Dans la nuit du 29 au 30 juin, la Russie a affirmé avoir abattu 419 drones ukrainiens au-dessus de 19 territoires, dont la région de Moscou, la Crimée annexée et la région de Krasnodar. Selon les autorités locales russes, un bébé de six mois est mort près de Moscou après la chute de débris. Dans le même temps, Kiev a poursuivi une campagne de frappes visant des infrastructures militaires, logistiques et liées aux hydrocarbures sur le territoire russe et dans les zones occupées.
Des frappes en profondeur contre les infrastructures russes
Les attaques ukrainiennes ont visé plusieurs cibles éloignées du front, notamment autour de Moscou, à Saint-Pétersbourg et à Oust-Louga, selon des informations de presse et des déclarations ukrainiennes. Une unité ukrainienne spécialisée dans les drones a affirmé avoir ouvert un « corridor » dans la défense aérienne russe, permettant de frapper plus en profondeur.

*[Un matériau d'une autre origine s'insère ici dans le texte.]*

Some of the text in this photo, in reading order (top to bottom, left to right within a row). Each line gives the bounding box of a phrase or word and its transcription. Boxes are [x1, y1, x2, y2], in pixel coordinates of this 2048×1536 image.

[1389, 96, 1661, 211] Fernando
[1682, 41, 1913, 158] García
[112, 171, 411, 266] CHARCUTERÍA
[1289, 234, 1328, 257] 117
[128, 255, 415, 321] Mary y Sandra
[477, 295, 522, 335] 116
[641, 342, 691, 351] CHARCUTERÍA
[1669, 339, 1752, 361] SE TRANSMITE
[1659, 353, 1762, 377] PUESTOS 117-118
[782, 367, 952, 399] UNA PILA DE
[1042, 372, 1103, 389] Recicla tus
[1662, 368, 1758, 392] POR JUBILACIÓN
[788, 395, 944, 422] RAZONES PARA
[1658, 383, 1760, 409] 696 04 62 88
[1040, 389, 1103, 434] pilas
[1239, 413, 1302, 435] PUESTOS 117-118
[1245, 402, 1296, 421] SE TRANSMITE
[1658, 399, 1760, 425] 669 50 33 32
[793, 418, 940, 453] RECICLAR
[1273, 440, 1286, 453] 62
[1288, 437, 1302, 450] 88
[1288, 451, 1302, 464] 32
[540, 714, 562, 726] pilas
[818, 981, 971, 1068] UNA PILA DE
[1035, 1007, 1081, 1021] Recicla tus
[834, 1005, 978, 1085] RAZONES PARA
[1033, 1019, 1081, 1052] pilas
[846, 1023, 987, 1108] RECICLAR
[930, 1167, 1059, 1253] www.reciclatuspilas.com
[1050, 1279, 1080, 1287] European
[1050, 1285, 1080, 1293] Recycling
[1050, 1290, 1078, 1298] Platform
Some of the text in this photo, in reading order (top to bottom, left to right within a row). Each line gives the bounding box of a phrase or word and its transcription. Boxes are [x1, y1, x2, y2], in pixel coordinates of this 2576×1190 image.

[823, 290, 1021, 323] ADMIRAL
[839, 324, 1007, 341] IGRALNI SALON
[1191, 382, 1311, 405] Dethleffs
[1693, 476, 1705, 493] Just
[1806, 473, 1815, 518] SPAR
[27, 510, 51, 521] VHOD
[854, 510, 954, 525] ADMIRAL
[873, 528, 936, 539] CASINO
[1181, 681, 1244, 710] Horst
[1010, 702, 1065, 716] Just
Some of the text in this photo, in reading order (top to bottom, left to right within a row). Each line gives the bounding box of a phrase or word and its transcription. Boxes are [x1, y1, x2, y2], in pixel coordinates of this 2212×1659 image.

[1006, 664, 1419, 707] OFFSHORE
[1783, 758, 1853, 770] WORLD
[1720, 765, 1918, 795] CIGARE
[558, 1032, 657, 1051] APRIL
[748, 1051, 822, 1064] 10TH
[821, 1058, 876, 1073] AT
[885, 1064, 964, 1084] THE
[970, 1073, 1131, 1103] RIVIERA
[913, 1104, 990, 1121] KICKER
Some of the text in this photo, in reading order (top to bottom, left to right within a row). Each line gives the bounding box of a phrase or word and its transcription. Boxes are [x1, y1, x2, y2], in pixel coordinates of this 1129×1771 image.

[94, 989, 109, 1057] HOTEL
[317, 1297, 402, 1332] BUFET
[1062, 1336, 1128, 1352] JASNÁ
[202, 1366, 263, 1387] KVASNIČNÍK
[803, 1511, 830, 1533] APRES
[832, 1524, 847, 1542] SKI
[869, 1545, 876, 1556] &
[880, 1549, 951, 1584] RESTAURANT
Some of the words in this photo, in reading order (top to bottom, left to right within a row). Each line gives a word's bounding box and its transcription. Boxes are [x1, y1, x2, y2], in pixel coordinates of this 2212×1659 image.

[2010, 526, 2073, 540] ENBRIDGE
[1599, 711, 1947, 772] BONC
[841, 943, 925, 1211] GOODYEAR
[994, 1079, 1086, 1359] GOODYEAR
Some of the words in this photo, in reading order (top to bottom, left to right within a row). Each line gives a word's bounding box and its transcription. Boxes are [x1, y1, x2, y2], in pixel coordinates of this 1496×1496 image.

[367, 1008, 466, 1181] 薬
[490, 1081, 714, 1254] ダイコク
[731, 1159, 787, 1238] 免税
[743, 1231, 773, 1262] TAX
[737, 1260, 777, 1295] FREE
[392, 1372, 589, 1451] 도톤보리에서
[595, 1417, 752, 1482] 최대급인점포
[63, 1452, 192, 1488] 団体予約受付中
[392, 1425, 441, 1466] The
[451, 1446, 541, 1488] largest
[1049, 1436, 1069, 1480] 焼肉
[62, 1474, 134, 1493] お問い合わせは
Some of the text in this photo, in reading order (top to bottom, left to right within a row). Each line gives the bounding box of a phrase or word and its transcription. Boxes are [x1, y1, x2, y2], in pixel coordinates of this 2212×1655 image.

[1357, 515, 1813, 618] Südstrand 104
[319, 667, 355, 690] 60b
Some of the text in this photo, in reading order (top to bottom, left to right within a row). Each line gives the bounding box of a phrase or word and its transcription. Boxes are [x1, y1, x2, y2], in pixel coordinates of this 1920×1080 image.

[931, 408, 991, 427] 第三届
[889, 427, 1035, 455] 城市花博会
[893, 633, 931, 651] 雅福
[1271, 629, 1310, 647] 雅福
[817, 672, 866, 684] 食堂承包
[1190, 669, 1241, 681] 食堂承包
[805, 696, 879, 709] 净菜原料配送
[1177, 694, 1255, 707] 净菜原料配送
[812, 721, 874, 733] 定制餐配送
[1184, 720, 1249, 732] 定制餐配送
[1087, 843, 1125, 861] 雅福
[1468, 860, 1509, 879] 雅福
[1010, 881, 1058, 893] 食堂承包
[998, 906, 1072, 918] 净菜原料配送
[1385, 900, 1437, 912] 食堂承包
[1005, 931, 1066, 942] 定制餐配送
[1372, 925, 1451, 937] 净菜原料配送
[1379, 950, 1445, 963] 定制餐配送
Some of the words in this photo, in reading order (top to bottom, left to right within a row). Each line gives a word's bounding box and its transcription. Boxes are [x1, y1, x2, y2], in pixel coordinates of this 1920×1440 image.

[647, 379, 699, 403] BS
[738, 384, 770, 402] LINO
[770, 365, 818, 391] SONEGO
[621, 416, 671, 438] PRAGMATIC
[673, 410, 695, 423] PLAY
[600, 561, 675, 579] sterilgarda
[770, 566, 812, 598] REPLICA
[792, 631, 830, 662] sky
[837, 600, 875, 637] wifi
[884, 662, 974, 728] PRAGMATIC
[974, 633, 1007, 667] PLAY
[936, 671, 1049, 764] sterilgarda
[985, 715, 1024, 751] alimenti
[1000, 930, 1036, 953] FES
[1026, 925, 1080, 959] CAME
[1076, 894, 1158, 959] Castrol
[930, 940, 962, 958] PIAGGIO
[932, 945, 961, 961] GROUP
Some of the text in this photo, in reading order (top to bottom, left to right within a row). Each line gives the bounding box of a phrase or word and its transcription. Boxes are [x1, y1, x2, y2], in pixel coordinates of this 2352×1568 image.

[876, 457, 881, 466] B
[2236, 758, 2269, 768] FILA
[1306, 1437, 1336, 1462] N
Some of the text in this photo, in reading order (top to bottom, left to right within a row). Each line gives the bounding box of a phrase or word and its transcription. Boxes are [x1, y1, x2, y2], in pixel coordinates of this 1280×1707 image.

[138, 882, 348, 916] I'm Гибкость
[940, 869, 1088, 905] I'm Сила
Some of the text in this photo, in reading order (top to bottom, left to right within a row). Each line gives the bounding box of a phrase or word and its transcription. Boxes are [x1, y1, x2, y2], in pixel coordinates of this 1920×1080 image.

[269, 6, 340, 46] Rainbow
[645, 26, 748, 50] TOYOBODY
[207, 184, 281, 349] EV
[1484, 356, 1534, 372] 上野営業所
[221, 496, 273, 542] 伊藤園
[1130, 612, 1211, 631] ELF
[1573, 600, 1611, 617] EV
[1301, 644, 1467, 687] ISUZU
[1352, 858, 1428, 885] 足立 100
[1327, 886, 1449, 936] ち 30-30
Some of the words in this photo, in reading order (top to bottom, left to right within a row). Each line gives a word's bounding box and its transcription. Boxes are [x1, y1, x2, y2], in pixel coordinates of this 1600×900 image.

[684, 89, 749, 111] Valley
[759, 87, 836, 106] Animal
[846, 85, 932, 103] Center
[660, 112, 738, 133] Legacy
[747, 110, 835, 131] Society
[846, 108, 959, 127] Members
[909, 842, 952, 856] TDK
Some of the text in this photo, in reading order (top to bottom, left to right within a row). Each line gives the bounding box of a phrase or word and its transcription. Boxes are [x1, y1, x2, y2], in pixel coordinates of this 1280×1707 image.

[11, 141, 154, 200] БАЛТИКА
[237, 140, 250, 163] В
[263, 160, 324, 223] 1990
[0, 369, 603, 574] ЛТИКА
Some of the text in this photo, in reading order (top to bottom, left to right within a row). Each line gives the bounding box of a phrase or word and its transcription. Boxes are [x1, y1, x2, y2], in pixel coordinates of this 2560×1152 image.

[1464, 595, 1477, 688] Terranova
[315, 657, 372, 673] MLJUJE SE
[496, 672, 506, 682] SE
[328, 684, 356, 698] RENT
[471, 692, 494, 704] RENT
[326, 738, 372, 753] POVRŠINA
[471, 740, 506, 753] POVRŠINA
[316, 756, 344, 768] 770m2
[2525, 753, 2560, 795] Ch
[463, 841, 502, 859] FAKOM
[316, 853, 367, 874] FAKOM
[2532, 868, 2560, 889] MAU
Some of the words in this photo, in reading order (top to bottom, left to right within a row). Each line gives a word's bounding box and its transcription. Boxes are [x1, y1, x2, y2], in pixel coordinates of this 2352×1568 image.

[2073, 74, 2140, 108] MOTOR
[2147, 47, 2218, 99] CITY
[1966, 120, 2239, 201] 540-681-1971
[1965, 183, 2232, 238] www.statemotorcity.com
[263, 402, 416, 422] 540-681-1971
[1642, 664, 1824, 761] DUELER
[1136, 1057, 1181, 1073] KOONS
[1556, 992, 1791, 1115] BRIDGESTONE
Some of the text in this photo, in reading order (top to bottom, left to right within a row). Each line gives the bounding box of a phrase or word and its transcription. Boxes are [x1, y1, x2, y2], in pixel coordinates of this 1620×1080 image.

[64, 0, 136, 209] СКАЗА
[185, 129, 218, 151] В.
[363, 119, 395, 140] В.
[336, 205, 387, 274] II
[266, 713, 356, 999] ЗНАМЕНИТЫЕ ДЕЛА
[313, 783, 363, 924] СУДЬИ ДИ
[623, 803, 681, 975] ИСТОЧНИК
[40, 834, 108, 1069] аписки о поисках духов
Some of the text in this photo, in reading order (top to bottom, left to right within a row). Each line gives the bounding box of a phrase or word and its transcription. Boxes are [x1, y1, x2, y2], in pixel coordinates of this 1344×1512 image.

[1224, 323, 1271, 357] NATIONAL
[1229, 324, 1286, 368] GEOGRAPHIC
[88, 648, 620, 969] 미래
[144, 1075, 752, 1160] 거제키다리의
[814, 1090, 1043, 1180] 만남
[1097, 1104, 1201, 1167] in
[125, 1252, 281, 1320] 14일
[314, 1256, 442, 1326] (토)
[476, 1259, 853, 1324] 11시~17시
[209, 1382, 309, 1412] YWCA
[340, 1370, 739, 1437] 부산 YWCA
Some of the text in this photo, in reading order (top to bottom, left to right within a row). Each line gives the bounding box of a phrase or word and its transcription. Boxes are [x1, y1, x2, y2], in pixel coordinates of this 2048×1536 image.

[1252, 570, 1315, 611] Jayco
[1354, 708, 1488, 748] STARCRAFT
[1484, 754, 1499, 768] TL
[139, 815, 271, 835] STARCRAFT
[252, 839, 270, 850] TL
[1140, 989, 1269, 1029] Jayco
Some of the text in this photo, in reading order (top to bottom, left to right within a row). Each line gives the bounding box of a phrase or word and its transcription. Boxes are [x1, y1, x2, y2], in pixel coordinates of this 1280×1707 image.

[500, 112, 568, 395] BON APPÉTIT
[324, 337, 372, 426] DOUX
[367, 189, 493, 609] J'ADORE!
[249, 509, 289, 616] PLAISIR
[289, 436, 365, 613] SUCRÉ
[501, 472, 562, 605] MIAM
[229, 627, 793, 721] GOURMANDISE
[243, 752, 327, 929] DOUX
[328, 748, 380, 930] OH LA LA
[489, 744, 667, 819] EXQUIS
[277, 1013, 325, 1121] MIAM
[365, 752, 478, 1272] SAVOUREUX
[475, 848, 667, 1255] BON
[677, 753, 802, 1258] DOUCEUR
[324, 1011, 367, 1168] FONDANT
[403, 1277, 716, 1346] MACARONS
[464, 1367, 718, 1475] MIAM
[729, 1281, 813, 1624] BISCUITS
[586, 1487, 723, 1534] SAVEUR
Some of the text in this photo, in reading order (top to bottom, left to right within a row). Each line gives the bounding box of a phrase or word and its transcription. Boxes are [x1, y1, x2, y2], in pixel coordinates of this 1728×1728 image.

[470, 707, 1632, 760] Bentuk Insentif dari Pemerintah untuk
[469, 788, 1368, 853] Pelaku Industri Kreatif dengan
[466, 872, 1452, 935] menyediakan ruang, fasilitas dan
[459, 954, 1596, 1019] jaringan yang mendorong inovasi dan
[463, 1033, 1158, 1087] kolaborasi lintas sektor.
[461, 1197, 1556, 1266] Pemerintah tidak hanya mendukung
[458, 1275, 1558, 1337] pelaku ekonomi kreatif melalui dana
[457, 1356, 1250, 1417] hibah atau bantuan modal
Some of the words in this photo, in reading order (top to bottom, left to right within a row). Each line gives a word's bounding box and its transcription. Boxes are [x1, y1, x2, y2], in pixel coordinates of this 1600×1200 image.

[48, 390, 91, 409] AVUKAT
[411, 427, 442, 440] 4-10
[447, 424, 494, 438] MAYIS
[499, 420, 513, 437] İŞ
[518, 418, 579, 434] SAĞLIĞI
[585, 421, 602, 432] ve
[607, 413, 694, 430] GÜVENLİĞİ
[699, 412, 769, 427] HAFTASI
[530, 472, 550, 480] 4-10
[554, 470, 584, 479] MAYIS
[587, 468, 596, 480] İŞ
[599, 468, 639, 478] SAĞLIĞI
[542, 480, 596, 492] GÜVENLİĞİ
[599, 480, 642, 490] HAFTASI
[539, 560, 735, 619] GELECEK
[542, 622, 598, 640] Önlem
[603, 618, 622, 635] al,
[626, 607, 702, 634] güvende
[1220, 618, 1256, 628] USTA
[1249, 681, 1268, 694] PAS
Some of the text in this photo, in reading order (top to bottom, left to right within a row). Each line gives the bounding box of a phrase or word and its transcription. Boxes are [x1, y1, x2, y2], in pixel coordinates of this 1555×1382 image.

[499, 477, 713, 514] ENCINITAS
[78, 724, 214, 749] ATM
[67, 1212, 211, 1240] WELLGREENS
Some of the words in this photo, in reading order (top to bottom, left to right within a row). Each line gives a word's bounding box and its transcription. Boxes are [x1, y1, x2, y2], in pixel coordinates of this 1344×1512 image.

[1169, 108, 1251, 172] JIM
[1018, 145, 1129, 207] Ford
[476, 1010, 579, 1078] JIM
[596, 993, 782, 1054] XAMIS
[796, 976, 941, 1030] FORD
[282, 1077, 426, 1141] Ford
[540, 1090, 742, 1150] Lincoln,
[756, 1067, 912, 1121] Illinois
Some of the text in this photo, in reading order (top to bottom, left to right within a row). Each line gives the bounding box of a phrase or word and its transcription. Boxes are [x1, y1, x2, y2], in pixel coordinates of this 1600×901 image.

Le président ukrainien Volodymyr Zelensky a aussi indiqué que des frappes de longue portée avaient touché un centre de communications par satellite dans la région de Moscou, présenté comme utilisé pour le renseignement et la coordination des troupes russes en Ukraine. D’autres frappes ont également visé des ponts et des infrastructures logistiques dans des territoires occupés, selon des déclarations ukrainiennes relayées par la presse.
« Les frappes en profondeur et les destructions d’infrastructures logistiques relèvent du même mouvement, mais ne portent pas sur les mêmes cibles militaires. »
La question du carburant est devenue visible en Russie
Vladimir Poutine a reconnu « une certaine pénurie » de carburant après les frappes ukrainiennes sur les raffineries russes. Cette déclaration a marqué une reconnaissance publique de l’impact de ces attaques sur l’approvisionnement intérieur, alors que des files d’attente dans des stations-service circulaient déjà sur les réseaux sociaux.
En Crimée annexée, les autorités locales ont placé la péninsule en « situation d’urgence » et interdit la vente de carburant aux particuliers en raison des pénuries provoquées par les frappes, selon des informations de presse. « Nous traversons une période difficile », a déclaré Vladimir Poutine lors d’une prise de parole publique, en évoquant la situation du pays.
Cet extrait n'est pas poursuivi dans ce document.